What the task asks | In the copy you make, keep each entry exactly as it is and leave out all images.

--------

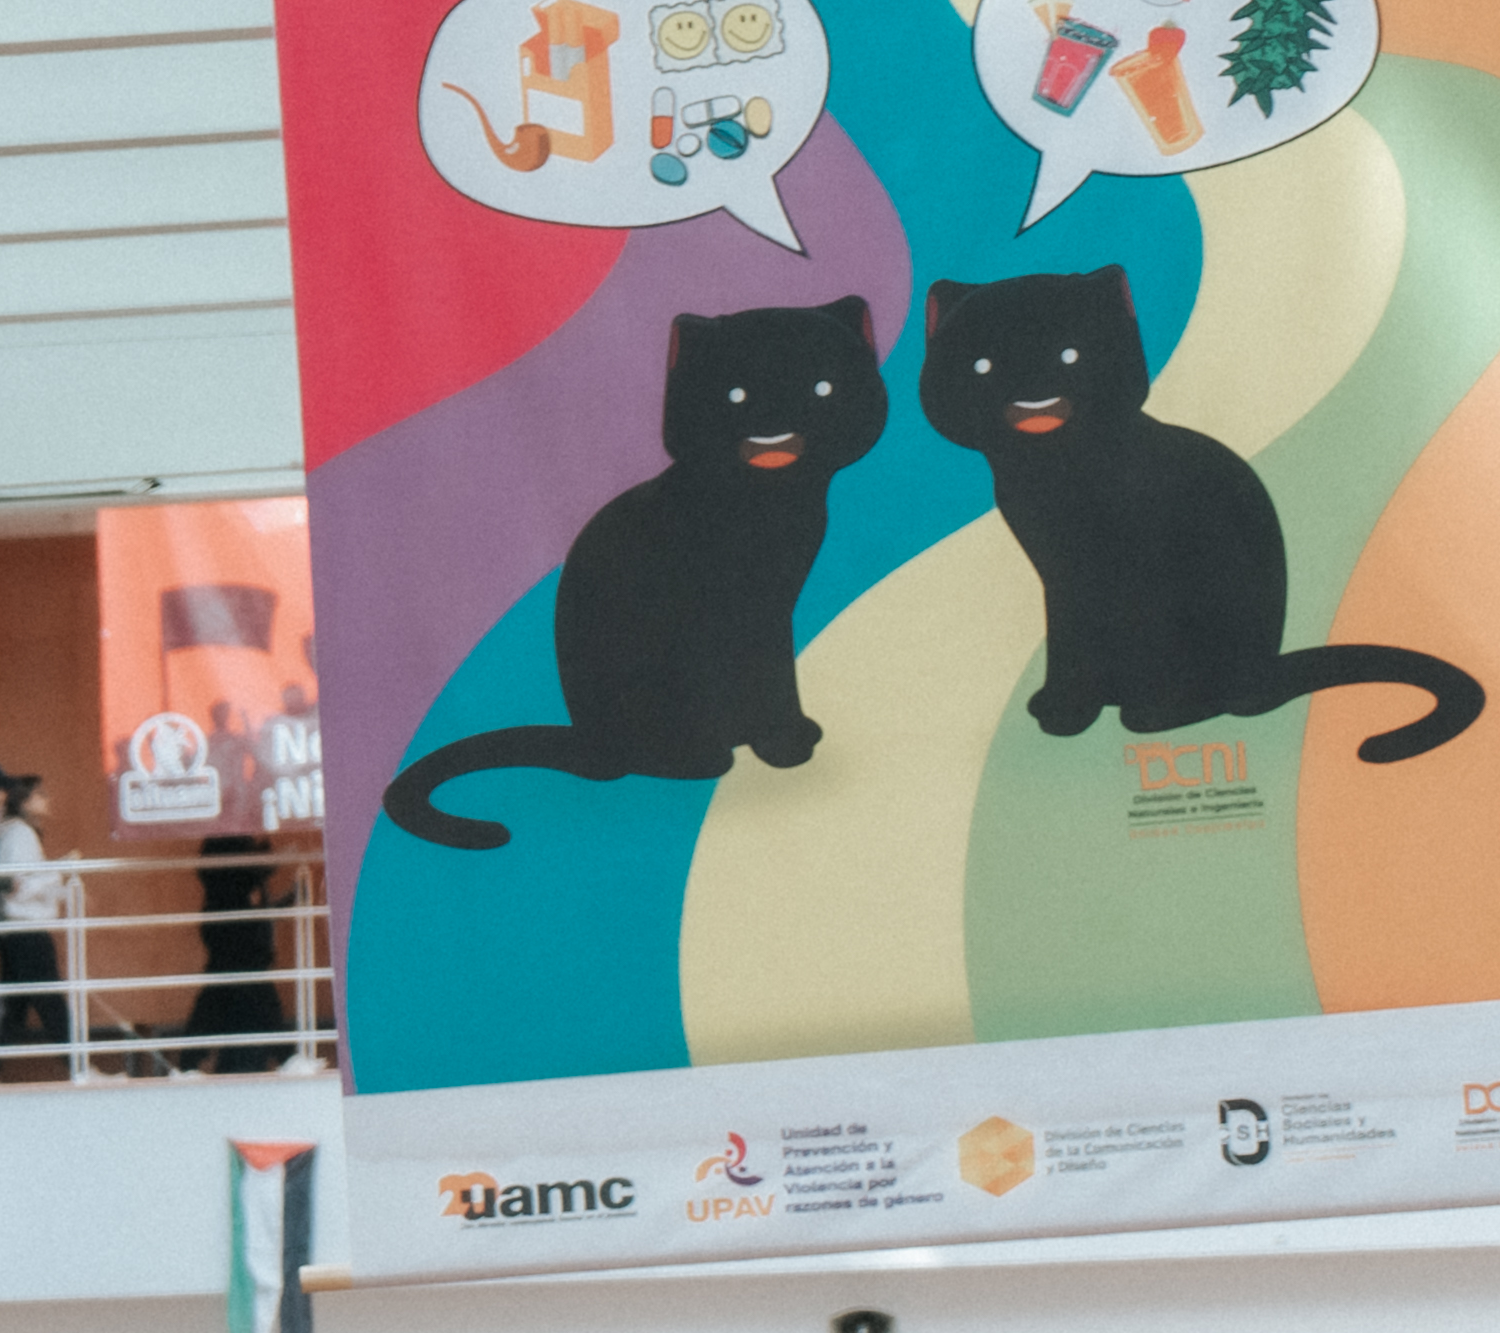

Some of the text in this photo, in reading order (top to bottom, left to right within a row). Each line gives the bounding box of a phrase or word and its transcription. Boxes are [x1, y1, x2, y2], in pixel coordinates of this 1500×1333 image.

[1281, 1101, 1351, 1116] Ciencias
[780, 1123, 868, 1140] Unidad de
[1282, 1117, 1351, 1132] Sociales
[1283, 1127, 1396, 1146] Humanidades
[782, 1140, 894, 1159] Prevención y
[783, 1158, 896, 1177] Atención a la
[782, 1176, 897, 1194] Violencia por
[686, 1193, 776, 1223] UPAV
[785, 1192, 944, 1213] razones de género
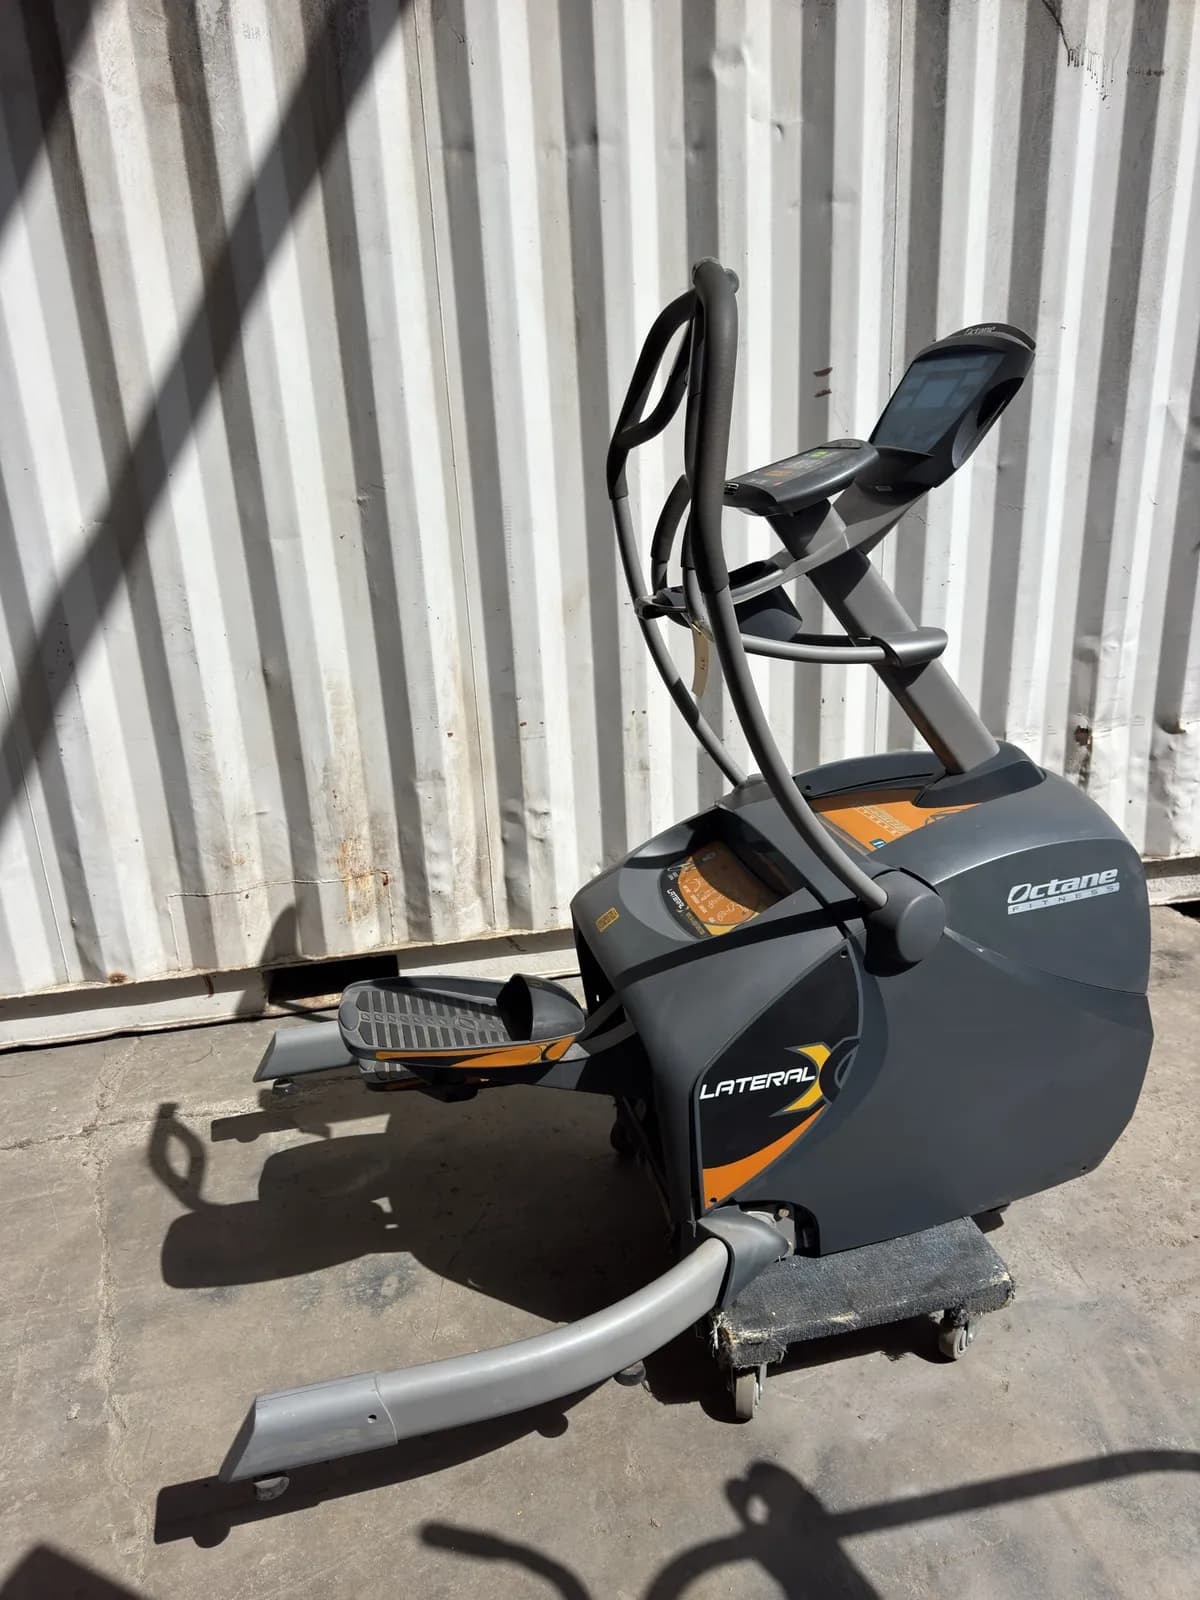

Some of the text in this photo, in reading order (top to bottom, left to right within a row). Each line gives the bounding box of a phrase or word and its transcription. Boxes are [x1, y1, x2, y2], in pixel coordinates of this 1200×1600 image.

--------

Written solution |
Some of the text in this photo, in reading order (top to bottom, left to right within a row). Each line gives the bounding box of a phrase or word and its transcription. Boxes are [x1, y1, x2, y2], in pixel coordinates of this 1500×1333 image.

[1281, 1101, 1351, 1116] Ciencias
[780, 1123, 868, 1140] Unidad de
[1282, 1117, 1351, 1132] Sociales
[1283, 1127, 1396, 1146] Humanidades
[782, 1140, 894, 1159] Prevención y
[783, 1158, 896, 1177] Atención a la
[782, 1176, 897, 1194] Violencia por
[686, 1193, 776, 1223] UPAV
[785, 1192, 944, 1213] razones de género

Some of the text in this photo, in reading order (top to bottom, left to right within a row). Each line gives the bounding box of a phrase or word and its transcription. Boxes are [x1, y1, x2, y2], in pixel coordinates of this 1200×1600 image.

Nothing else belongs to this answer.